Explore a case study where a stock seller filed a lawsuit against buyers due to a breach of stock purchase agreement. Learn about the significance of Section 1377 election and clear communication in M&A transactions.
July 27, 2020
Introduction:
When selling the stock of an S corporation business in the middle of the year, a crucial tax concern involves allocating the year’s income and expenses. An S corporation transfers its income and expenses to the business owners, who report them on their personal tax returns. There are two ways to handle this division: either based on ownership interest for the year or through an Internal Revenue Code Section 1377 election. The latter option involves closing the books on the date of the stock sale.
The Scenario:
In this case, a Chicago-based air and ocean freight forwarding company was involved. The seller, who owned 25% of the company’s stock, sold his stock to other shareholders on March 31, 2009. The company incurred a $125K loss in the first quarter of that year.
The Dispute:
Following the sale, the seller requested the buyers’ consent for a Section 1377 election, aiming to report a $31K loss on his personal tax return. However, the buyers declined the request.
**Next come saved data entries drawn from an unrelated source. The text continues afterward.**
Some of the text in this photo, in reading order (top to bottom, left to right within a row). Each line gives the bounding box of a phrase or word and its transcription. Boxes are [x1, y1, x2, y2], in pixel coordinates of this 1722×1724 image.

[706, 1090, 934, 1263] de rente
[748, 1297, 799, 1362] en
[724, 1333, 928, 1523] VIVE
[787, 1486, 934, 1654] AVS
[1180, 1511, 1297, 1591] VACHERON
That was because the company performed well for the rest of the year and generated profits, resulting in an allocation of $143K in company income to the seller.
Legal Action:
The seller filed a lawsuit against the buyers in a Chicago federal district court, alleging a breach of the stock purchase agreement. The seller argued that the buyers were obligated to consent to the Section 1377 election due to a “Further Assurances” provision in the agreement. This clause required both parties to take the necessary actions to fulfill the agreement’s objectives.
Court’s Decision:
The buyers requested the court to dismiss the lawsuit, contending that the stock purchase agreement did not mandate their consent to the Section 1377 election. However, the court rejected this argument, stating that the “Further Assurances” provision could be reasonably interpreted to require accommodating such requests. Thus, the seller can present its case in a trial.
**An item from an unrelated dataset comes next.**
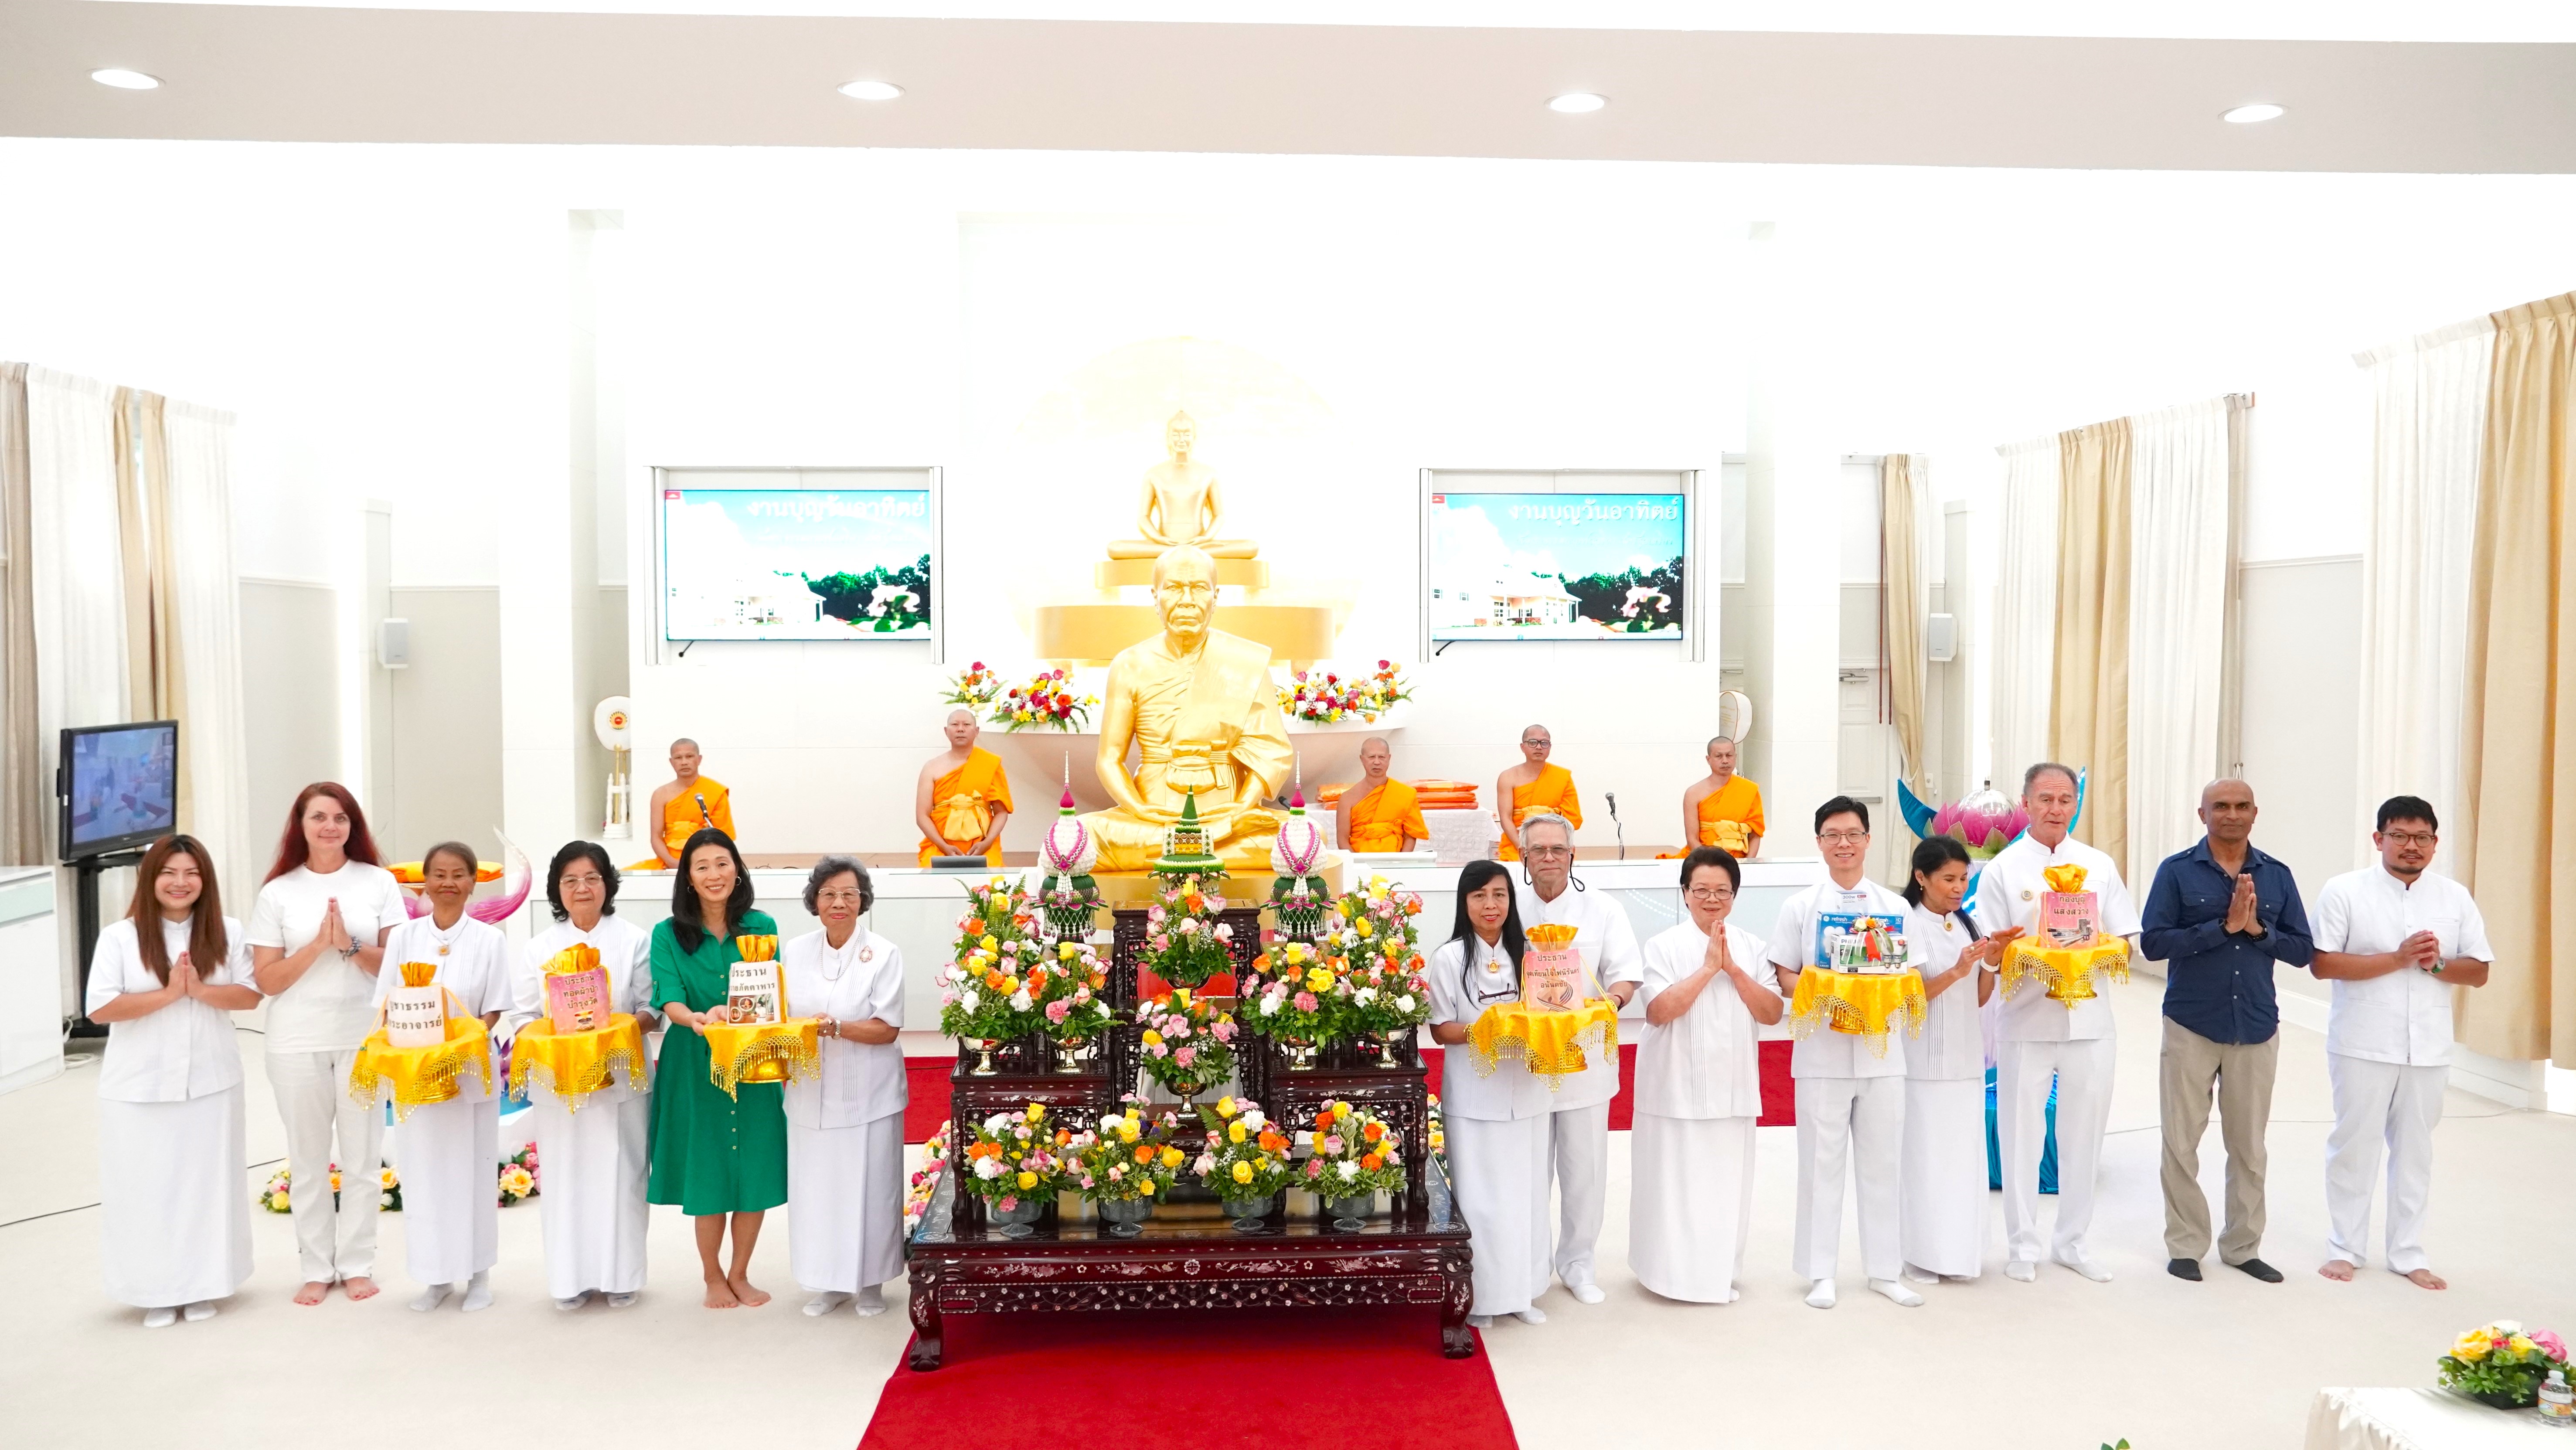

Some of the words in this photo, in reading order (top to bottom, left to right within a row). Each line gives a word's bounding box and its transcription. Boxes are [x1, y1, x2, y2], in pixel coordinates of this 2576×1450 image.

This case is referred to as Manfre v. May, No. 1:18-cv-2184, United States District Court, N.D. Illinois, Eastern Division, (March 12, 2019)
Conclusion:
This case highlights the importance of clear communication in agreements. To avoid complications, parties involved in such transactions should explicitly address key matters like the Section 1377 election rather than relying solely on standard contract language.
By John McCauley: I help manage the tax risks associated with buying or selling a business.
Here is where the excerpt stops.